If you are looking for a PHP algorithm to rank search results based on proximity/relevance of multiple words here comes a quick and easy way of generating search results with PHP only:
Issues with the other boolean search methods such as strpos()
, preg_match()
, strstr()
or stristr()
PHP method based on Vector Space Model and tf-idf (term frequency–inverse document frequency):
It sounds difficult but is surprisingly easy.
If we want to search for multiple words in a string the core problem is how we assign a weight to each one of them?
If we could weight the terms in a string based on how representative they are of the string as a whole, we could order our results by the ones that best match the query.

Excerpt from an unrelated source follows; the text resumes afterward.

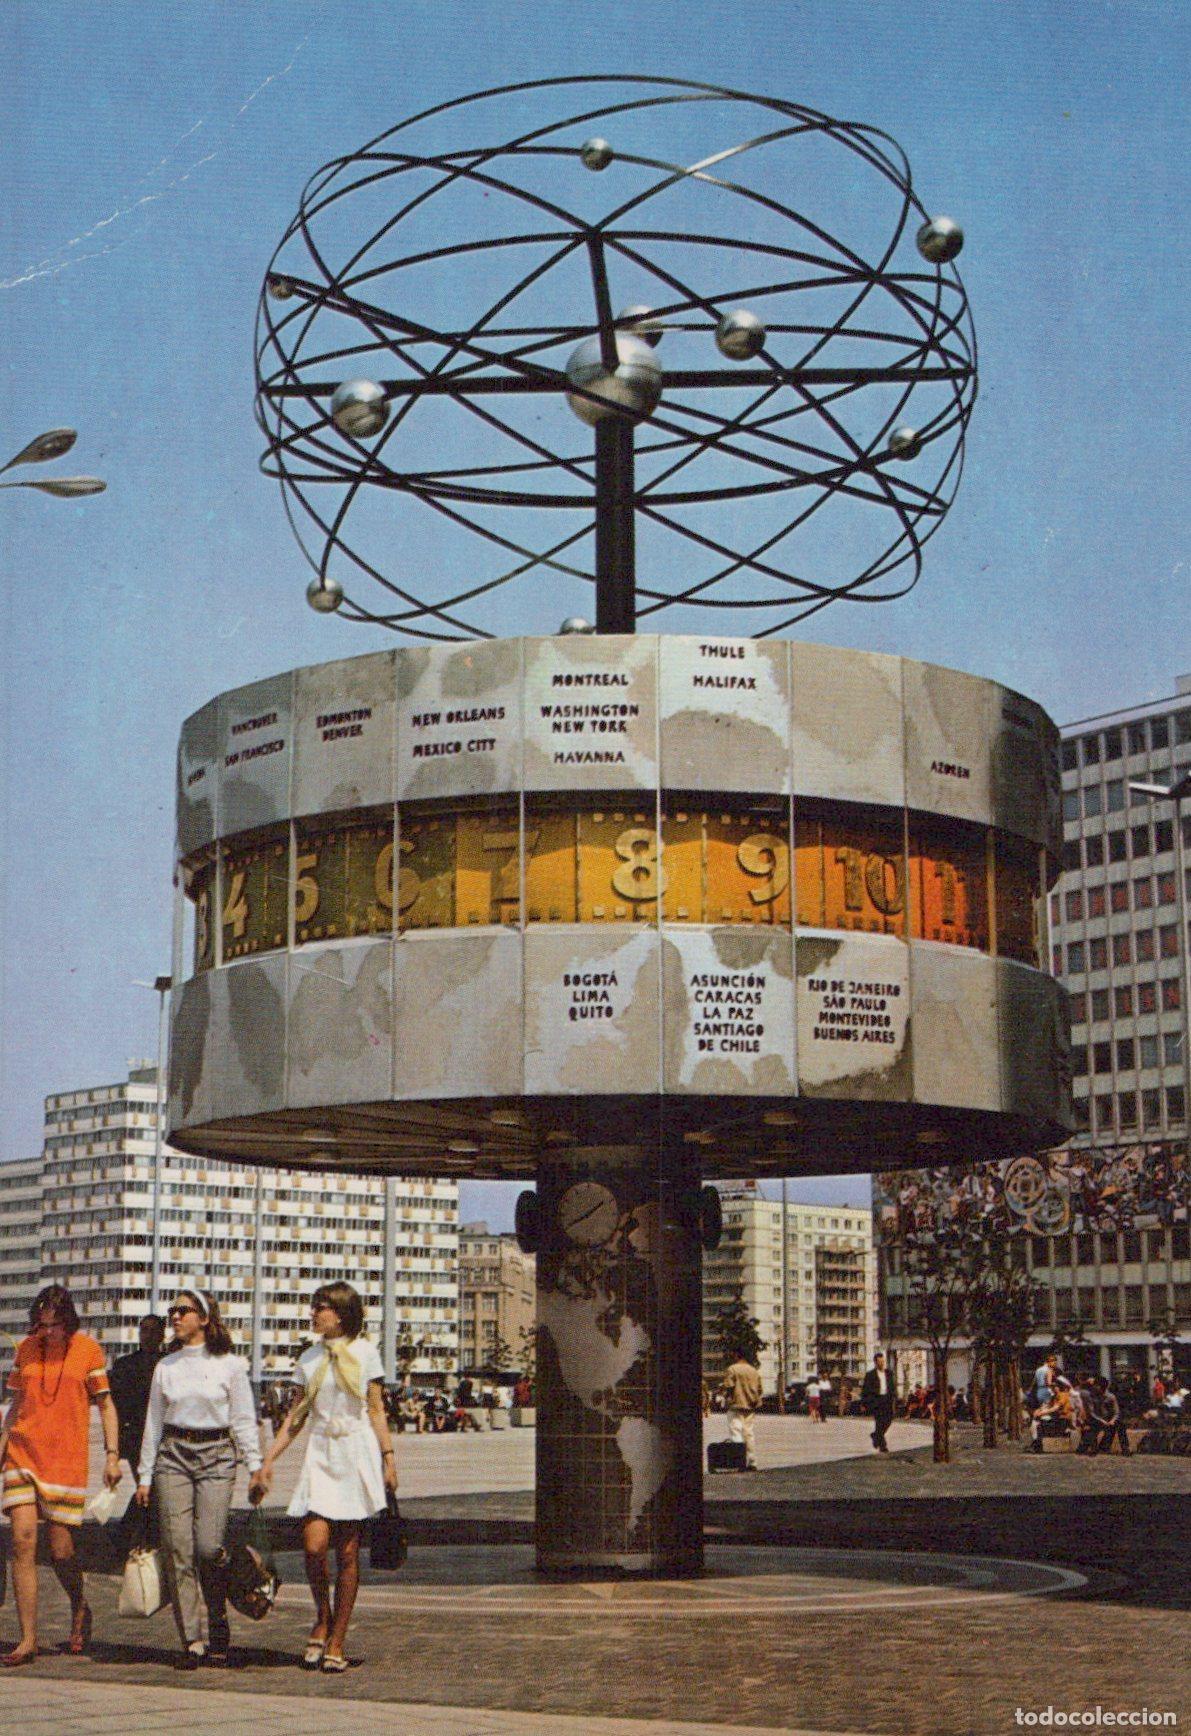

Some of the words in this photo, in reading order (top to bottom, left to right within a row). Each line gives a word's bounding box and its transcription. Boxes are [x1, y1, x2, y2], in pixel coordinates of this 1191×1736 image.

This is the idea of the vector space model, not far from how SQL full-text search works:
function get_corpus_index($corpus = array(), $separator=' ') {
$dictionary = array();
$doc_count = array();
foreach($corpus as $doc_id => $doc) {
$terms = explode($separator, $doc);
$doc_count[$doc_id] = count($terms);
// tf–idf, short for term frequency–inverse document frequency,
// according to wikipedia is a numerical statistic that is intended to reflect
// how important a word is to a document in a corpus
foreach($terms as $term) {
if(!isset($dictionary[$term])) {
$dictionary[$term] = array('document_frequency' => 0, 'postings' => array());
}
if(!isset($dictionary[$term]['postings'][$doc_id])) {
$dictionary[$term]['document_frequency']++;
$dictionary[$term]['postings'][$doc_id] = array('term_frequency' => 0);
}
$dictionary[$term]['postings'][$doc_id]['term_frequency']++;
}
//from http://phpir.com/simple-search-the-vector-space-model/
}
return array('doc_count' => $doc_count, 'dictionary' => $dictionary);
}
function get_similar_documents($query='', $corpus=array(), $separator=' '){
$similar_documents=array();
if($query!=''&&!empty($corpus)){
$words=explode($separator,$query);
$corpus=get_corpus_index($corpus, $separator);
$doc_count=count($corpus['doc_count']);
foreach($words as $word) {
if(isset($corpus['dictionary'][$word])){
$entry = $corpus['dictionary'][$word];
foreach($entry['postings'] as $doc_id => $posting) {
//get term frequency–inverse document frequency
$score=$posting['term_frequency'] * log($doc_count + 1 / $entry['document_frequency'] + 1, 2);
if(isset($similar_documents[$doc_id])){
$similar_documents[$doc_id]+=$score;
}
else{
$similar_documents[$doc_id]=$score;
}
}
}
}
// length normalise
foreach($similar_documents as $doc_id => $score) {
$similar_documents[$doc_id] = $score/$corpus['doc_count'][$doc_id];
}
// sort from high to low
arsort($similar_documents);
}
return $similar_documents;
}
CASE 1
$query = 'are';
$corpus = array(
1 => 'How are you?',
);
$match_results=get_similar_documents($query,$corpus);
echo '<pre>';
print_r($match_results);
echo '</pre>';
RESULT
Array
(
[1] => 0.52832083357372
)
CASE 2
$query = 'are';
$corpus = array(
1 => 'how are you today?',
2 => 'how do you do',
3 => 'here you are! how are you? Are we done yet?'
);
$match_results=get_similar_documents($query,$corpus);
echo '<pre>';
print_r($match_results);
echo '</pre>';
RESULTS
Array
(
[1] => 0.54248125036058
[3] => 0.21699250014423
)
CASE 3
$query = 'we are done';
$corpus = array(
1 => 'how are you today?',
2 => 'how do you do',
3 => 'here you are! how are you? Are we done yet?'
);
$match_results=get_similar_documents($query,$corpus);
echo '<pre>';
print_r($match_results);
echo '</pre>';
RESULTS
Array
(
[3] => 0.6813781191217
[1] => 0.54248125036058
)
There are plenty of improvements to be made
but the model provides a way of getting good results from natural queries,
which don't have boolean operators such as strpos()
, preg_match()
, strstr()
or stristr()
.
NOTA BENE
Optionally eliminating redundancy prior to search the words
thereby reducing index size and resulting in less storage requirement
less disk I/O
faster indexing and a consequently faster search.
1. Normalisation
2. Stopword elimination
3. Dictionary substitution
Replace words with others which have an identical or similar meaning. (ex:replace instances of 'hungrily' and 'hungry' with 'hunger')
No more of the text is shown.